What is required -> Exactly as written, print out each entry in the data, with no pictures.

[Source data]
****************************************

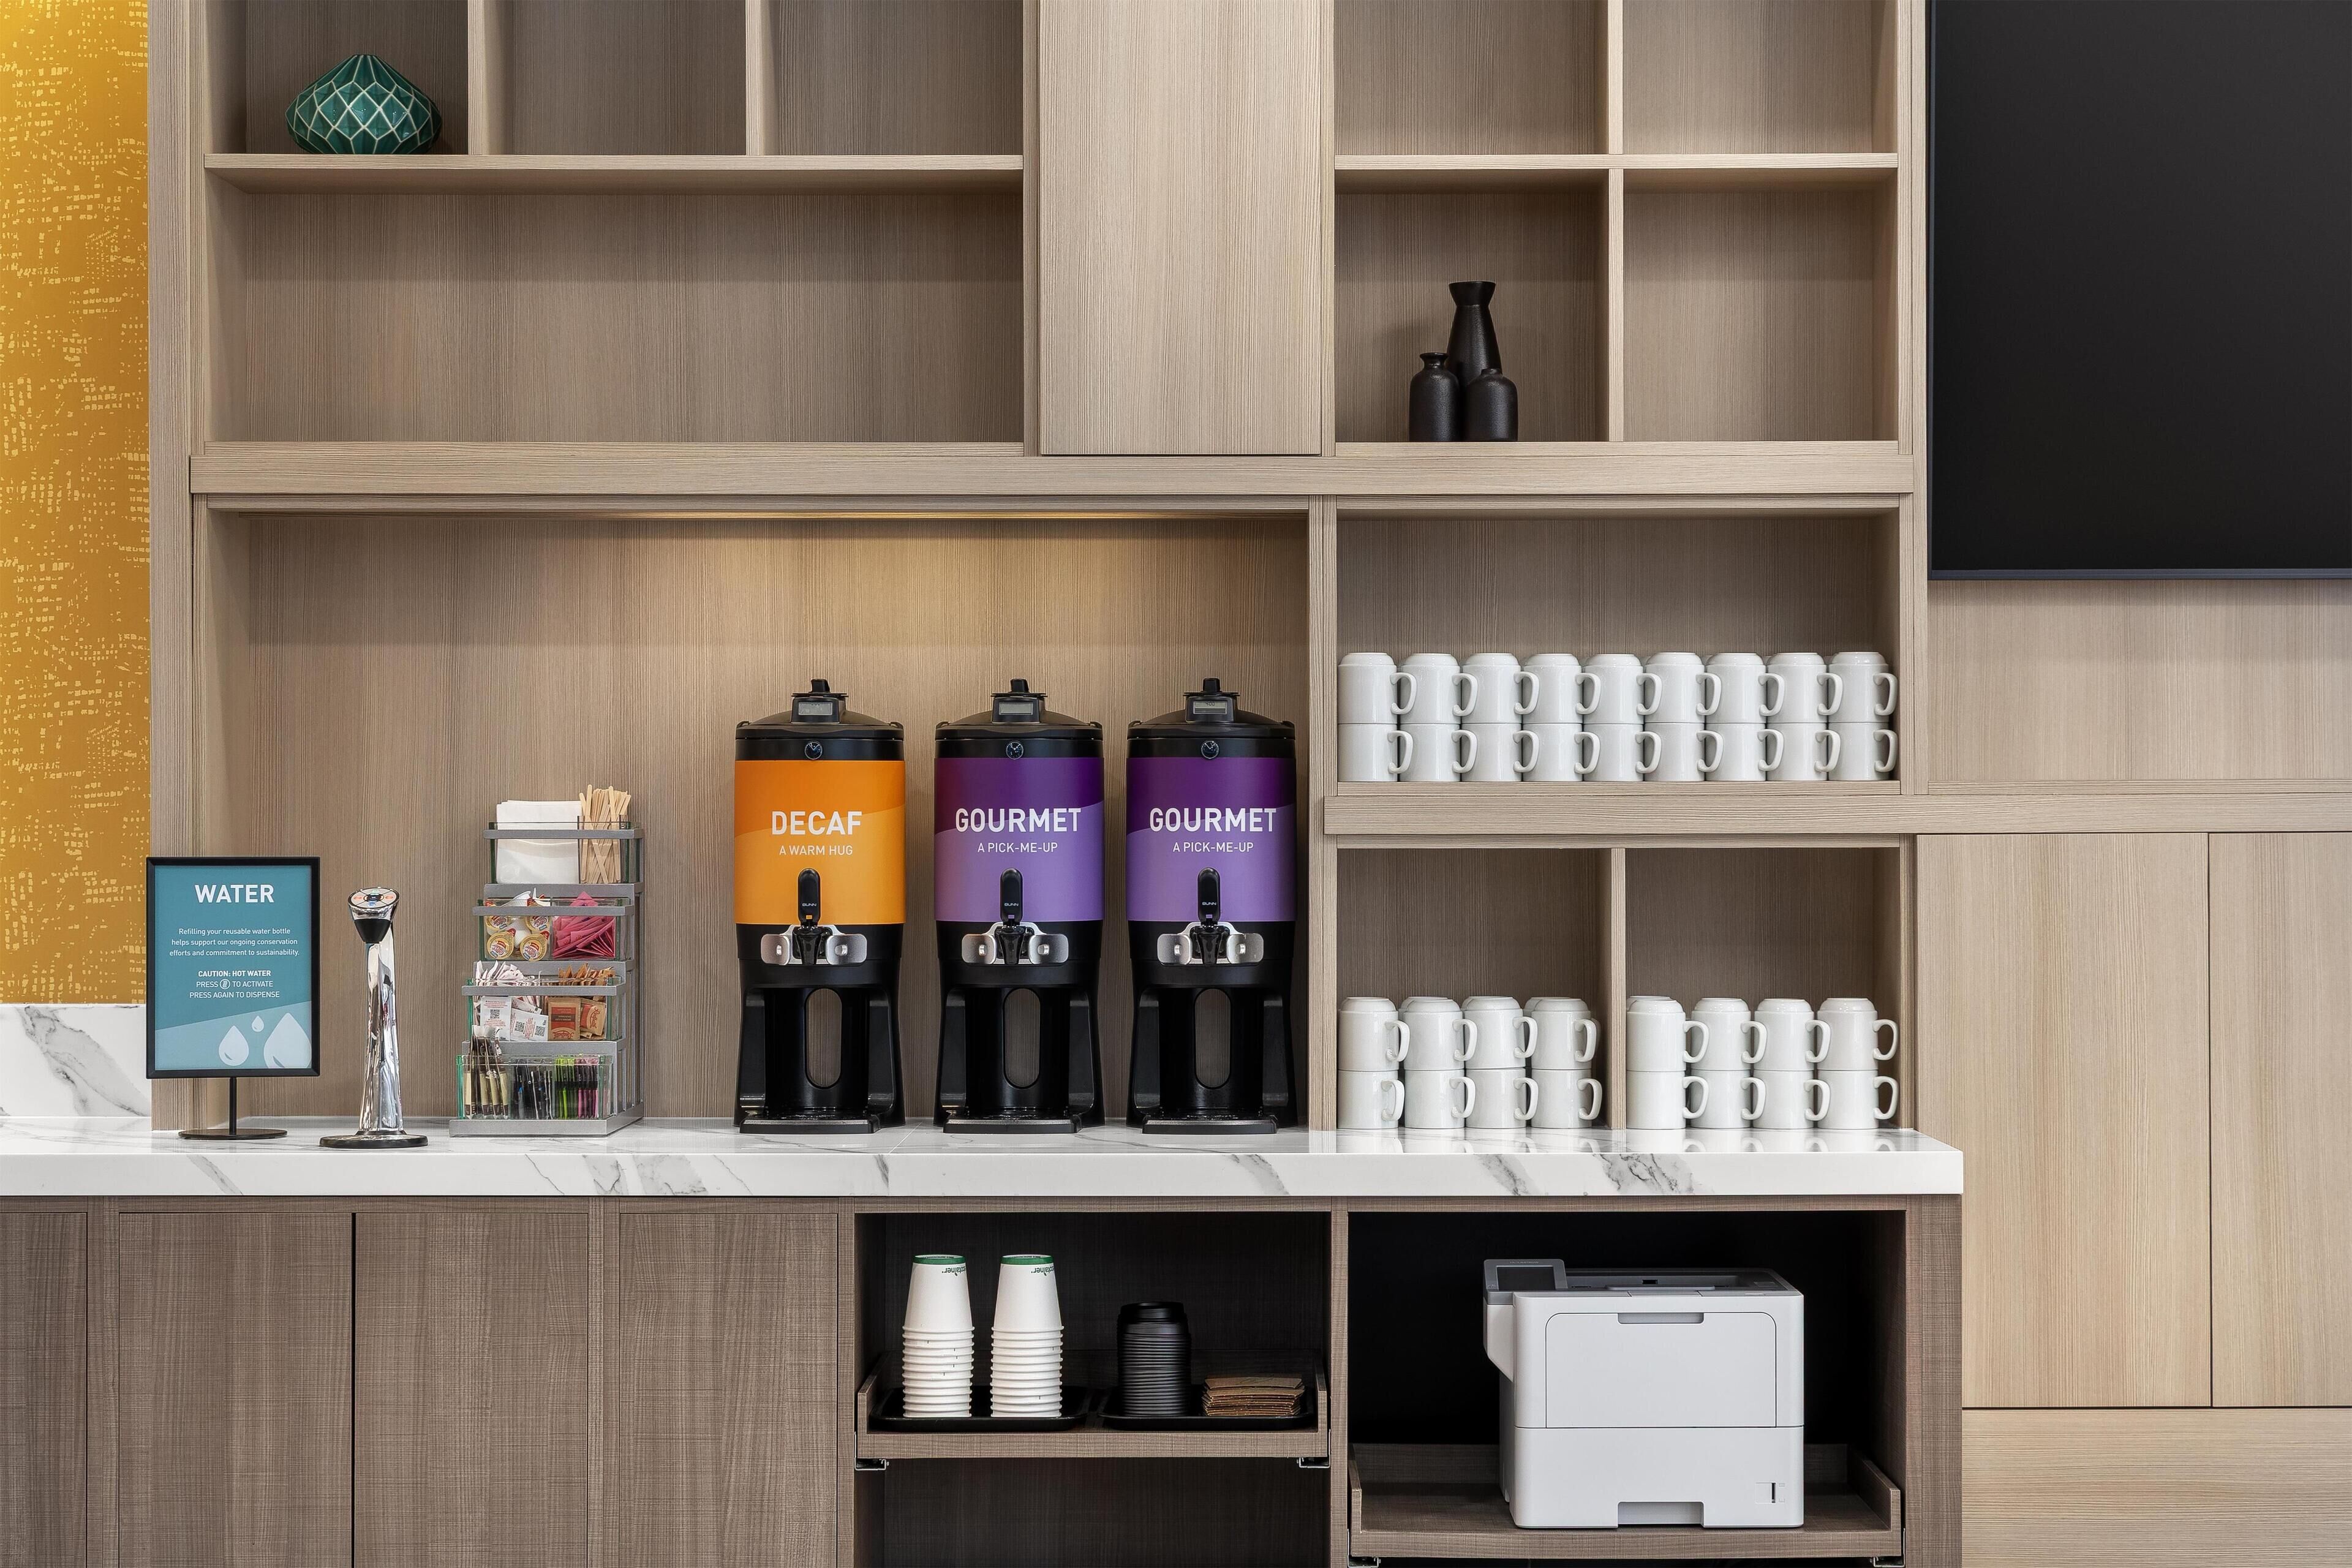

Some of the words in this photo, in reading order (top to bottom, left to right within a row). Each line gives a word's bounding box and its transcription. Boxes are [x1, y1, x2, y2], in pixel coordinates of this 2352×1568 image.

[772, 811, 862, 835] DECAF
[956, 808, 1081, 832] GOURMET
[1150, 808, 1276, 832] GOURMET
[779, 845, 786, 855] A
[789, 845, 825, 856] WARM
[829, 845, 853, 856] HUG
[978, 842, 985, 853] A
[988, 842, 1058, 853] PICK-ME-UP
[1173, 842, 1180, 852] A
[1183, 842, 1254, 853] PICK-ME-UP
[194, 884, 275, 903] WATER
[179, 928, 206, 937] Refilling
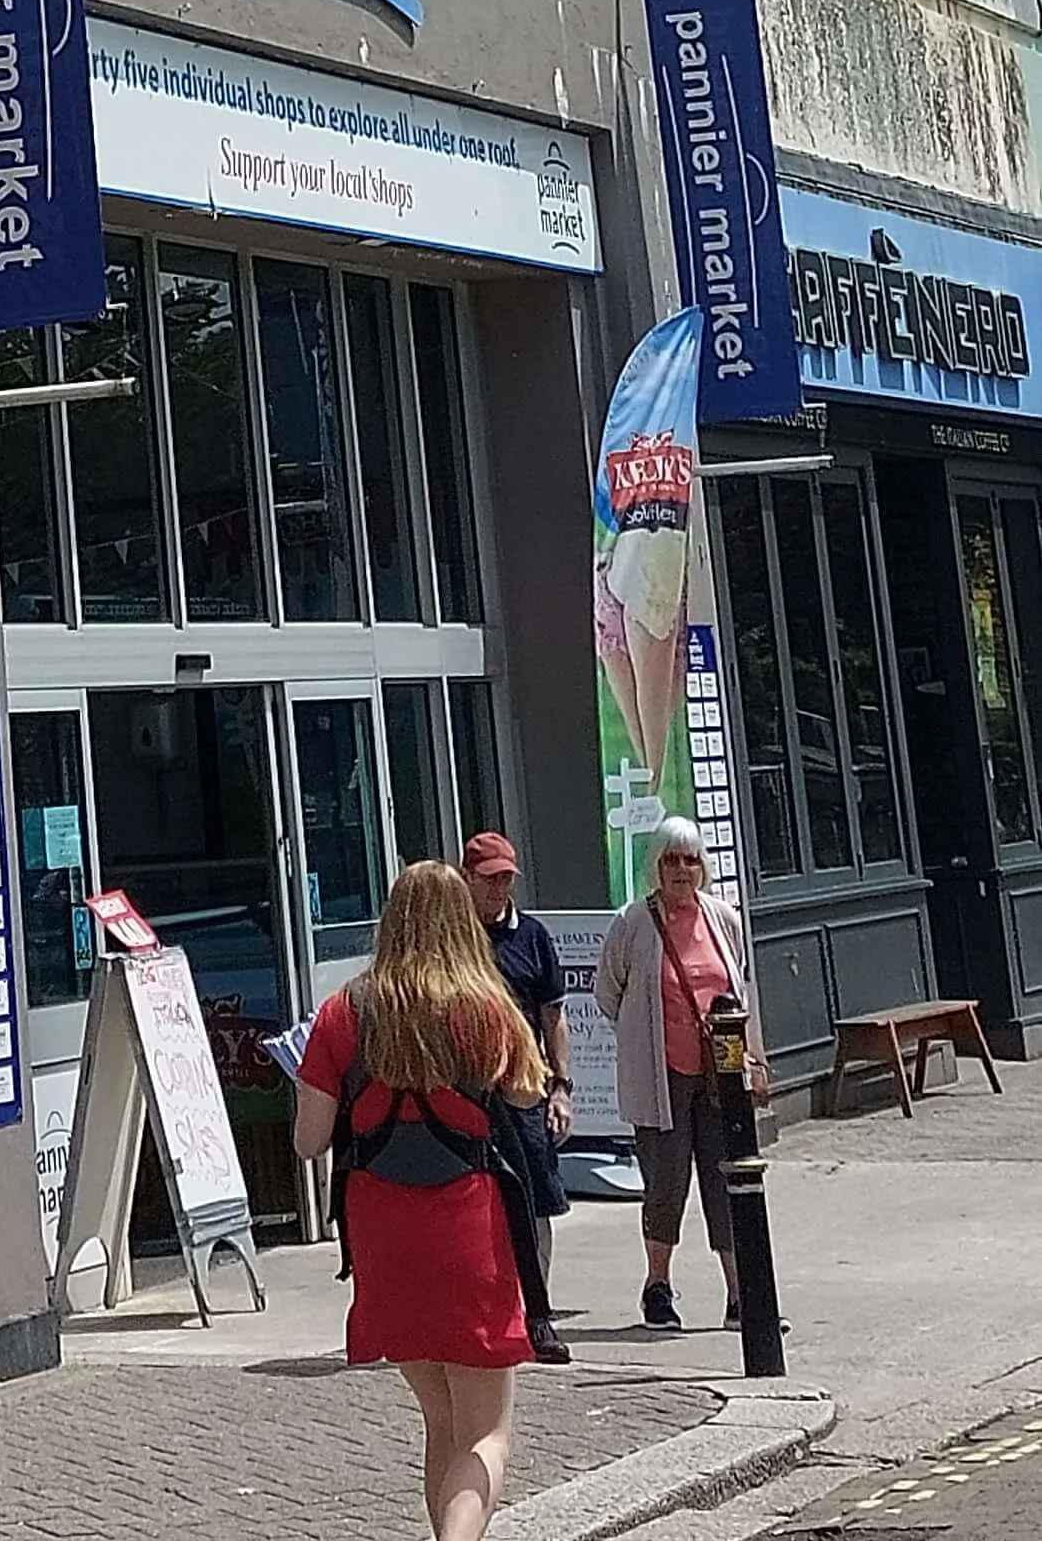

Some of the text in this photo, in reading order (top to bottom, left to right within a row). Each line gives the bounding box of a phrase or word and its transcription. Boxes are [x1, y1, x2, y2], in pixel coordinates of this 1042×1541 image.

****************************************

Output for this task ->
Some of the words in this photo, in reading order (top to bottom, left to right within a row). Each line gives a word's bounding box and its transcription. Boxes are [x1, y1, x2, y2], in pixel coordinates of this 2352×1568 image.

[772, 811, 862, 835] DECAF
[956, 808, 1081, 832] GOURMET
[1150, 808, 1276, 832] GOURMET
[779, 845, 786, 855] A
[789, 845, 825, 856] WARM
[829, 845, 853, 856] HUG
[978, 842, 985, 853] A
[988, 842, 1058, 853] PICK-ME-UP
[1173, 842, 1180, 852] A
[1183, 842, 1254, 853] PICK-ME-UP
[194, 884, 275, 903] WATER
[179, 928, 206, 937] Refilling

Some of the text in this photo, in reading order (top to bottom, left to right within a row). Each line gives the bounding box of a phrase or word and its transcription. Boxes are [x1, y1, x2, y2], in pixel coordinates of this 1042×1541 image.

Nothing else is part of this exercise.